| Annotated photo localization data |
•••
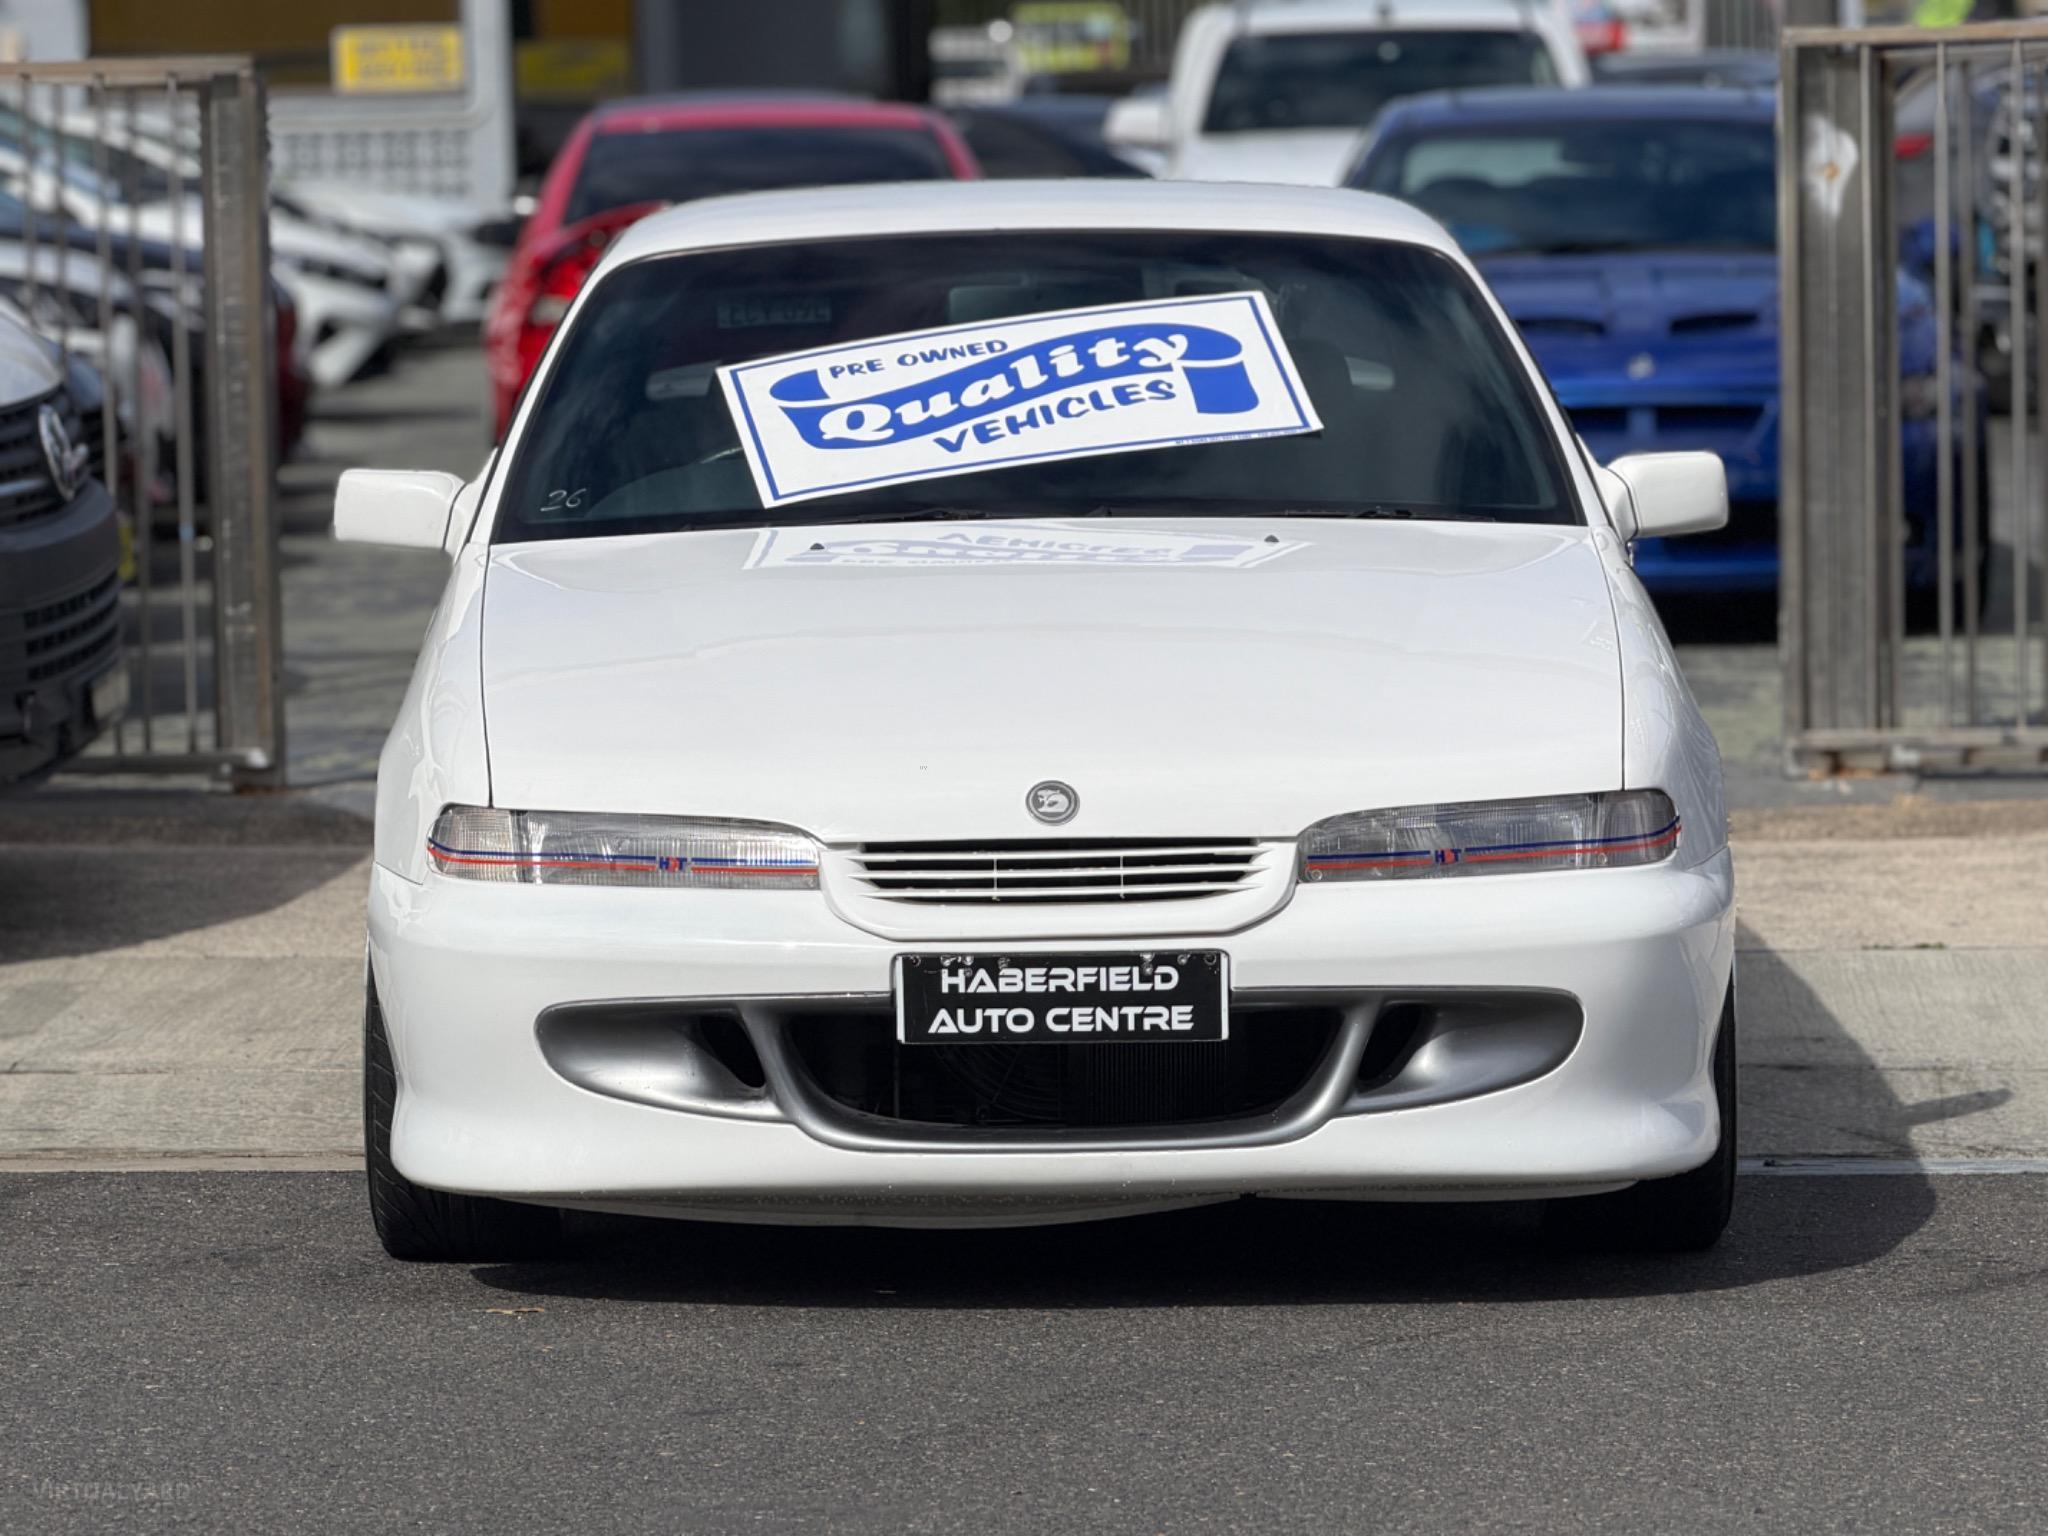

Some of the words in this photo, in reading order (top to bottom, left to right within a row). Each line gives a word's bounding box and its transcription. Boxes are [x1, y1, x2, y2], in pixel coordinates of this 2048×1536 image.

[829, 358, 885, 379] PRE
[897, 339, 1008, 367] OWNED
[820, 333, 1189, 442] Quality
[934, 379, 1175, 453] VEHICLES
[941, 966, 1179, 993] HABERFIELD
[928, 1007, 1035, 1033] AUTO
[1046, 1005, 1194, 1033] CENTRE
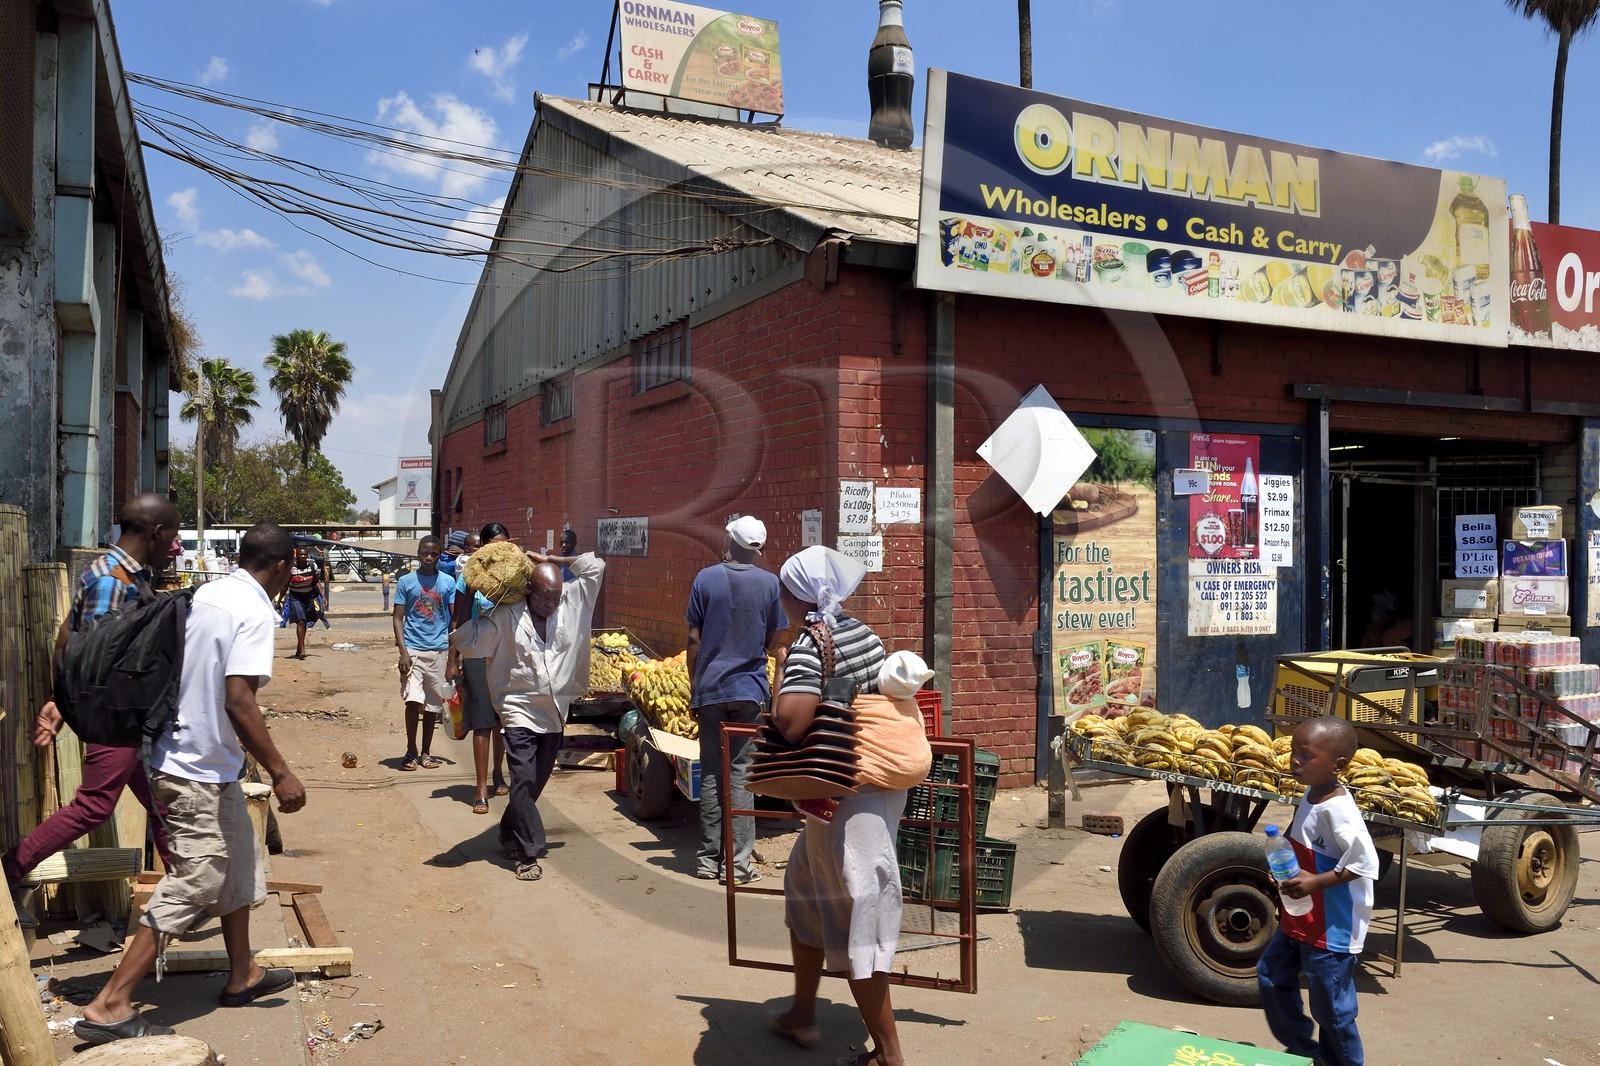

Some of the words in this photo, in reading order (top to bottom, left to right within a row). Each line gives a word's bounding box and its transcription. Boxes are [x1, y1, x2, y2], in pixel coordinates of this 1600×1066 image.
•••
| What the task requires |
Print all entries exactly; skip the pictures.

| Task response |
Some of the words in this photo, in reading order (top to bottom, left to right within a row). Each line gives a word's bounding box and its transcription. Boxes are [x1, y1, x2, y2], in pixel coordinates of this 2048×1536 image.

[829, 358, 885, 379] PRE
[897, 339, 1008, 367] OWNED
[820, 333, 1189, 442] Quality
[934, 379, 1175, 453] VEHICLES
[941, 966, 1179, 993] HABERFIELD
[928, 1007, 1035, 1033] AUTO
[1046, 1005, 1194, 1033] CENTRE

Some of the words in this photo, in reading order (top to bottom, left to right within a row). Each line gives a word's bounding box and its transcription. Boxes are [x1, y1, x2, y2], in pixel coordinates of this 1600×1066 image.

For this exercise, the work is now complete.